**Records for this task**

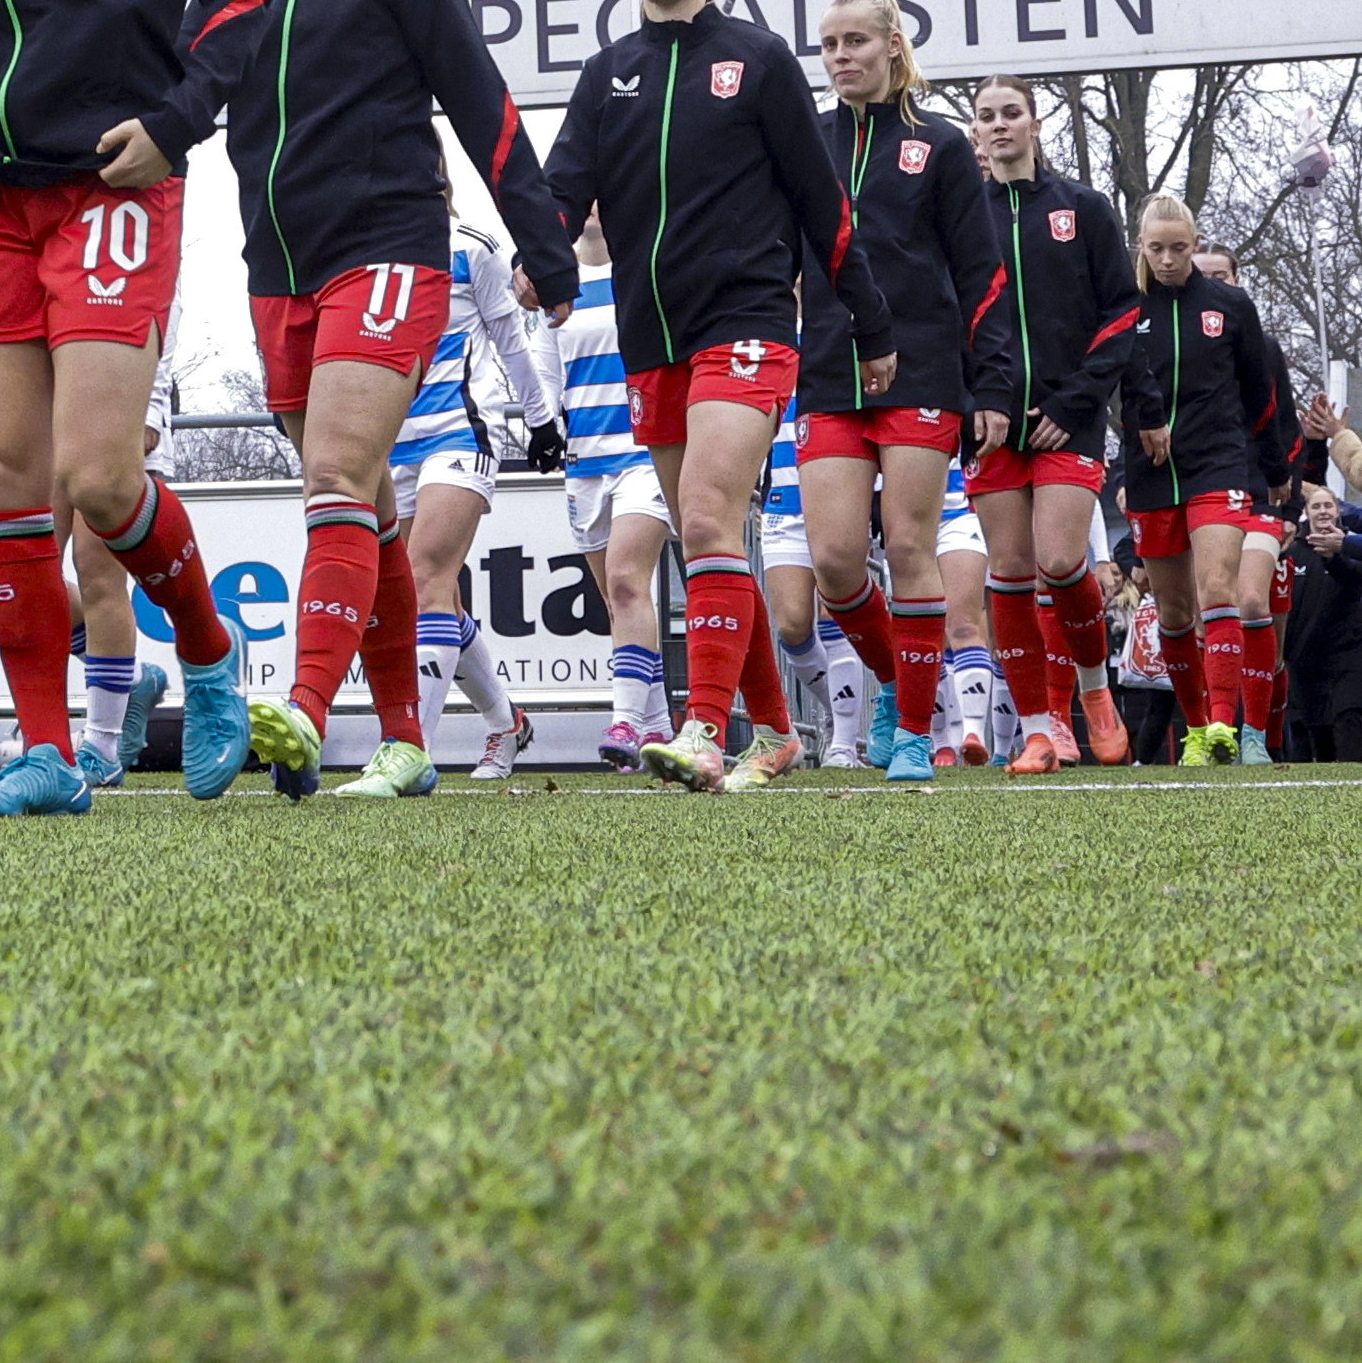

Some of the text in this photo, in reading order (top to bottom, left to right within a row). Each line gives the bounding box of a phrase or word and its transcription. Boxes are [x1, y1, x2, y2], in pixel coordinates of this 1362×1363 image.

[81, 200, 149, 271] 10
[366, 263, 415, 321] 11
[732, 339, 766, 361] 4
[302, 600, 359, 622] 1965
[688, 614, 739, 630] 1965
[1207, 643, 1242, 655] 1965
[1240, 667, 1273, 682] 1965

**Exercise**
When you copy the data, keep every line exact and drop the pictures.

**Exercise response**
Some of the text in this photo, in reading order (top to bottom, left to right within a row). Each line gives the bounding box of a phrase or word and its transcription. Boxes are [x1, y1, x2, y2], in pixel coordinates of this 1362×1363 image.

[81, 200, 149, 271] 10
[366, 263, 415, 321] 11
[732, 339, 766, 361] 4
[302, 600, 359, 622] 1965
[688, 614, 739, 630] 1965
[1207, 643, 1242, 655] 1965
[1240, 667, 1273, 682] 1965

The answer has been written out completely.